また、埼玉県ではベトナム料理店を拠点に覚せい剤を販売したとして、経営者のグエン・ヴァン・コン容疑者(37)ら2人が逮捕されました。この事件は、去年、不法滞在の疑いがあるベトナム人13人が摘発された際、複数人から覚せい剤反応が出たことで、発覚に至りました。
こうした不法滞在に対処するため、ベトナム政府が罰則強化に乗り出します。
ベトナムの新政令(来月10日施行)
「労働者が自らの意思で外国に不法残留した場合、8000万〜1億ドン(約48万円〜60万円)の罰金が科される」
ベトナムの平均年収は、およそ40万円。新しい法令では、日本などで不法滞在する自国民が来月10日以降に帰国した場合、年収を超える額の罰金を科す可能性があります。
入管「出頭数増えている」
3週間後に控える規制強化を前に、日本の入管にも変化がありました。
入管庁によると
「現時点で詳細な数は分かりませんが、現場感として、出頭してくるベトナム人不法滞在者の数が増えています」
不法滞在者は、窓口に出頭して「出国命令」を受ければ、収容されることなく、強制退去の扱いを受けることができます。
在日ベトナム人のサポートをしている法人の代表によると、出頭する不法滞在者が急増している理由は他にもあるといいます。
日本ベトナム国際交流機構 代表理事
「罰則の強化に加え、円安や外国人に対する政策が厳しくなったことで生活が苦しくなり、出頭して帰国しようとする人が増えたようです」
不法滞在者への罰則強化について、正規のビザを取得して、日本でエンジニアとして働いているベトナム人はこう話しました。
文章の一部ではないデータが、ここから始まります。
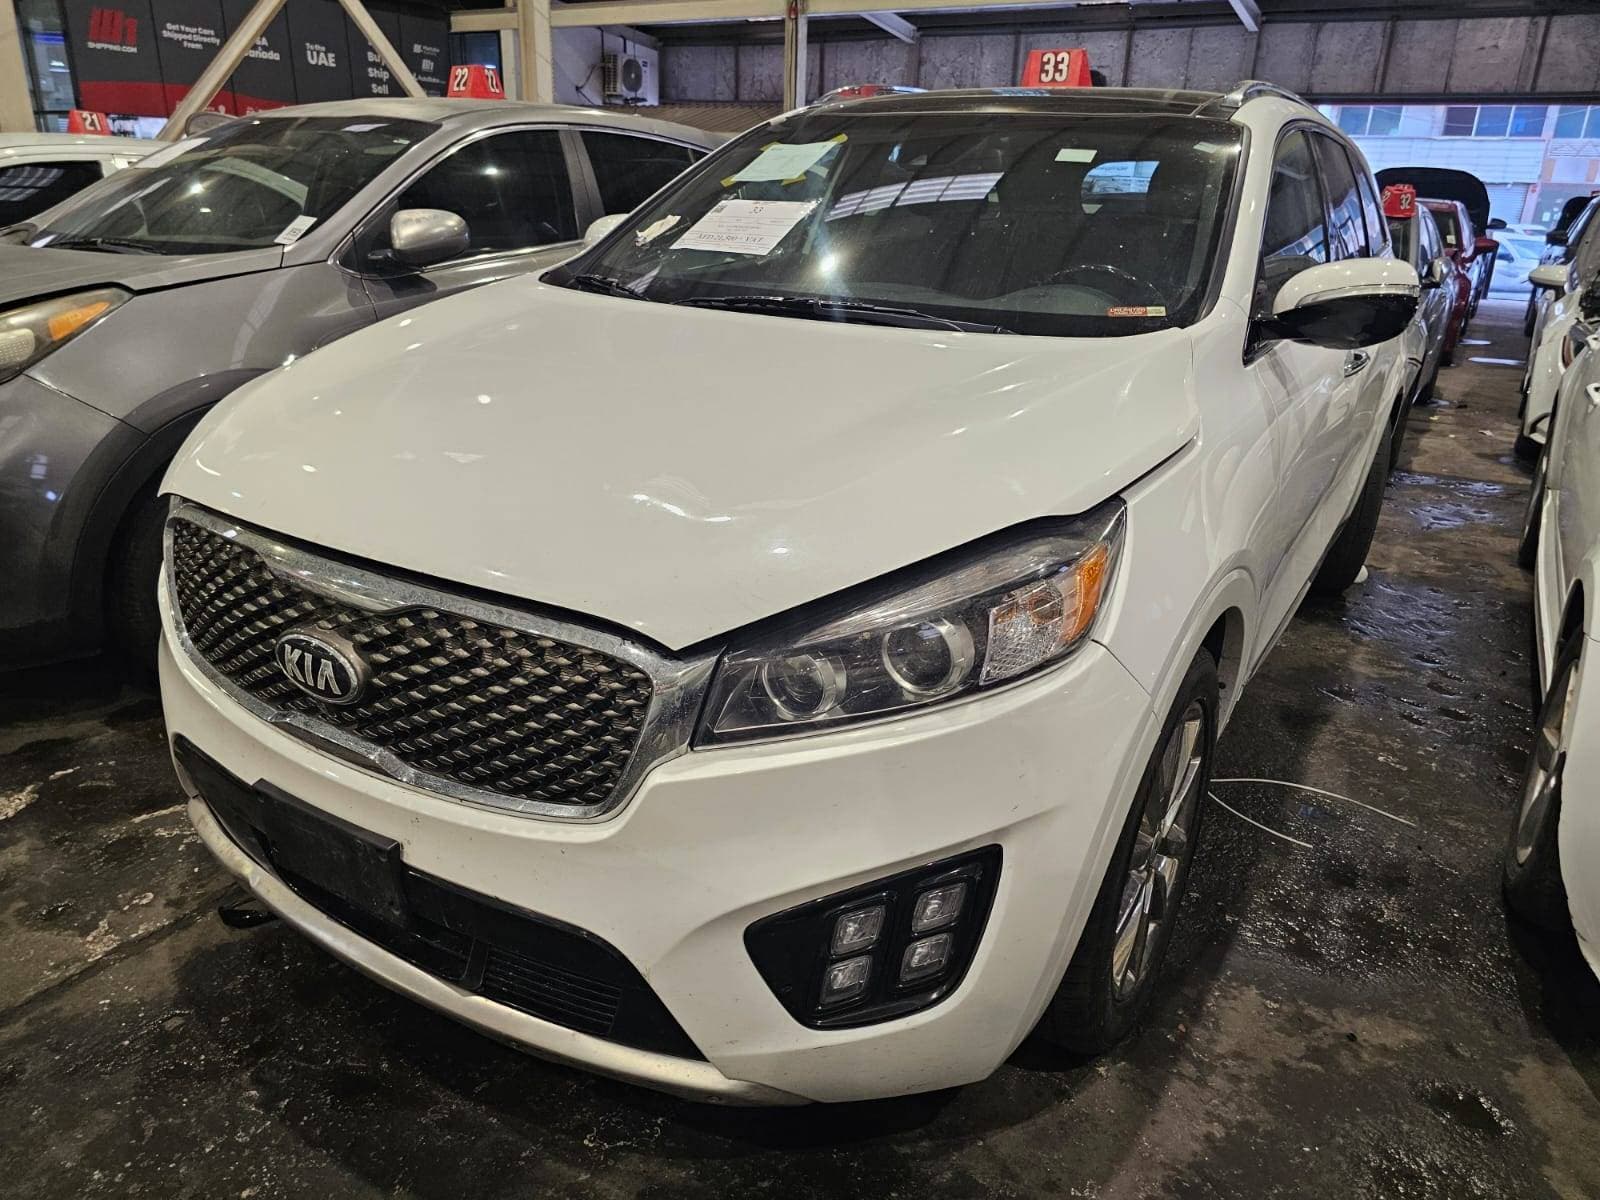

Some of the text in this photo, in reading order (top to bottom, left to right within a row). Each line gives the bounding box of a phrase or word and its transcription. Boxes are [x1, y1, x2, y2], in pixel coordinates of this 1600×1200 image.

「『ベトナム人だから全員悪い人』と思ってる人もいる。私は、日本にずっといたいから、そういう人(不法滞在者)がいると困ります。(罰金は)3〜4倍でもいいと思います。(ベトナムの)法律が変わって良かったと思います」
ベトナム政府は、違法に労働者を海外に送り込む悪質ブローカーに対しても、日本円で最大120万円の罰金を科すということです。